**ABOUT THIS EXERCISE**
Return, verbatim and in full, the records that follow, but not their pictures.

**GIVEN ENTRIES**
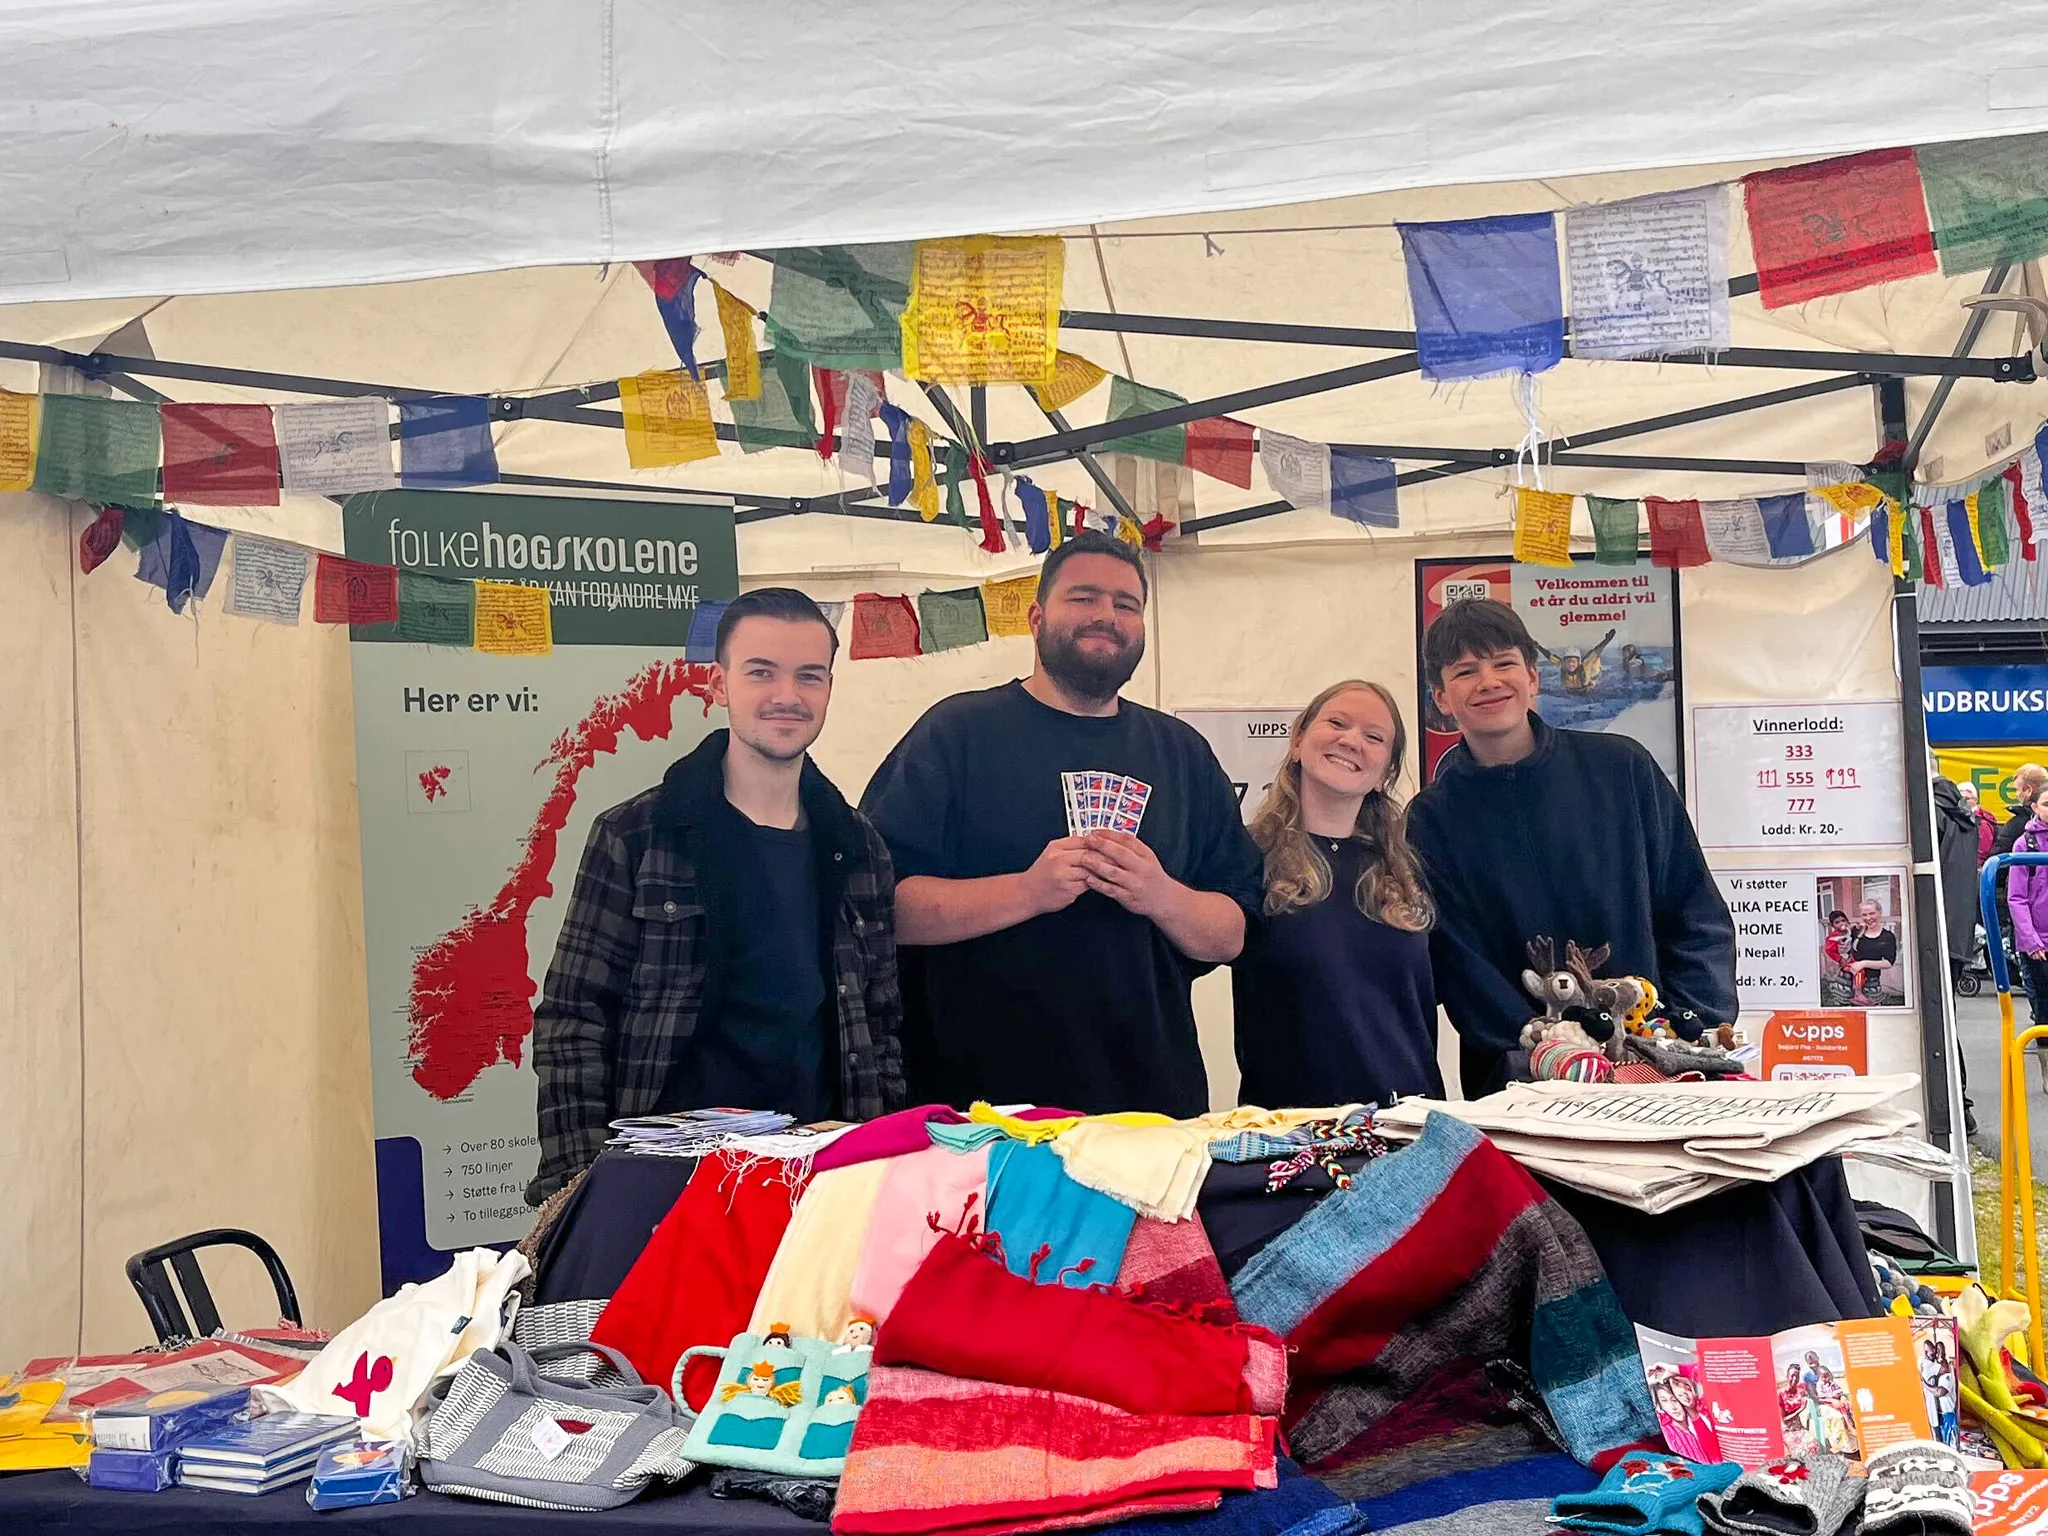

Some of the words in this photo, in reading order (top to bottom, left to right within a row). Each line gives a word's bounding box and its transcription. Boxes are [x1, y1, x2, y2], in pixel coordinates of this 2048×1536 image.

[1536, 577, 1630, 591] Velkommen
[1632, 575, 1649, 588] til
[547, 581, 576, 606] KAN
[581, 581, 664, 609] FORANDRE
[1530, 596, 1544, 607] et
[1548, 594, 1566, 607] år
[1569, 593, 1589, 606] du
[1592, 593, 1631, 605] aldri
[1634, 592, 1656, 604] vil
[1559, 610, 1626, 627] glemme!
[404, 687, 460, 713] Her
[468, 690, 499, 713] er
[506, 685, 539, 712] vi:
[1922, 690, 2048, 713] NDBRUKS
[1247, 723, 1291, 736] VIPPS:
[1753, 717, 1844, 733] Vinnerlodd:
[1785, 745, 1814, 758] 333
[1756, 768, 1779, 786] 111
[1786, 771, 1814, 784] 555
[1971, 767, 2022, 805] Fe
[1787, 798, 1815, 812] 777
[1761, 823, 1796, 836] Lodd:
[1799, 824, 1816, 835] Kr.
[1819, 823, 1843, 836] 20,-
[1730, 879, 1742, 889] Vi
[1746, 879, 1788, 890] støtter
[1730, 901, 1761, 913] LIKA
[1765, 900, 1809, 912] PEACE
[1739, 923, 1783, 935] HOME
[1744, 946, 1785, 960] Nepal!
[1736, 975, 1756, 986] dd:
[1759, 975, 1776, 986] Kr.
[1779, 975, 1804, 988] 20,-
[460, 1141, 488, 1153] Over
[490, 1138, 505, 1150] 80
[461, 1163, 483, 1176] 750
[485, 1161, 514, 1174] linjer
[463, 1185, 497, 1199] Støtte
[500, 1183, 516, 1194] fra
[463, 1210, 477, 1222] To
[479, 1204, 539, 1220] tilleggspoe

**YOUR SOLUTION**
Some of the words in this photo, in reading order (top to bottom, left to right within a row). Each line gives a word's bounding box and its transcription. Boxes are [x1, y1, x2, y2], in pixel coordinates of this 2048×1536 image.

[1536, 577, 1630, 591] Velkommen
[1632, 575, 1649, 588] til
[547, 581, 576, 606] KAN
[581, 581, 664, 609] FORANDRE
[1530, 596, 1544, 607] et
[1548, 594, 1566, 607] år
[1569, 593, 1589, 606] du
[1592, 593, 1631, 605] aldri
[1634, 592, 1656, 604] vil
[1559, 610, 1626, 627] glemme!
[404, 687, 460, 713] Her
[468, 690, 499, 713] er
[506, 685, 539, 712] vi:
[1922, 690, 2048, 713] NDBRUKS
[1247, 723, 1291, 736] VIPPS:
[1753, 717, 1844, 733] Vinnerlodd:
[1785, 745, 1814, 758] 333
[1756, 768, 1779, 786] 111
[1786, 771, 1814, 784] 555
[1971, 767, 2022, 805] Fe
[1787, 798, 1815, 812] 777
[1761, 823, 1796, 836] Lodd:
[1799, 824, 1816, 835] Kr.
[1819, 823, 1843, 836] 20,-
[1730, 879, 1742, 889] Vi
[1746, 879, 1788, 890] støtter
[1730, 901, 1761, 913] LIKA
[1765, 900, 1809, 912] PEACE
[1739, 923, 1783, 935] HOME
[1744, 946, 1785, 960] Nepal!
[1736, 975, 1756, 986] dd:
[1759, 975, 1776, 986] Kr.
[1779, 975, 1804, 988] 20,-
[460, 1141, 488, 1153] Over
[490, 1138, 505, 1150] 80
[461, 1163, 483, 1176] 750
[485, 1161, 514, 1174] linjer
[463, 1185, 497, 1199] Støtte
[500, 1183, 516, 1194] fra
[463, 1210, 477, 1222] To
[479, 1204, 539, 1220] tilleggspoe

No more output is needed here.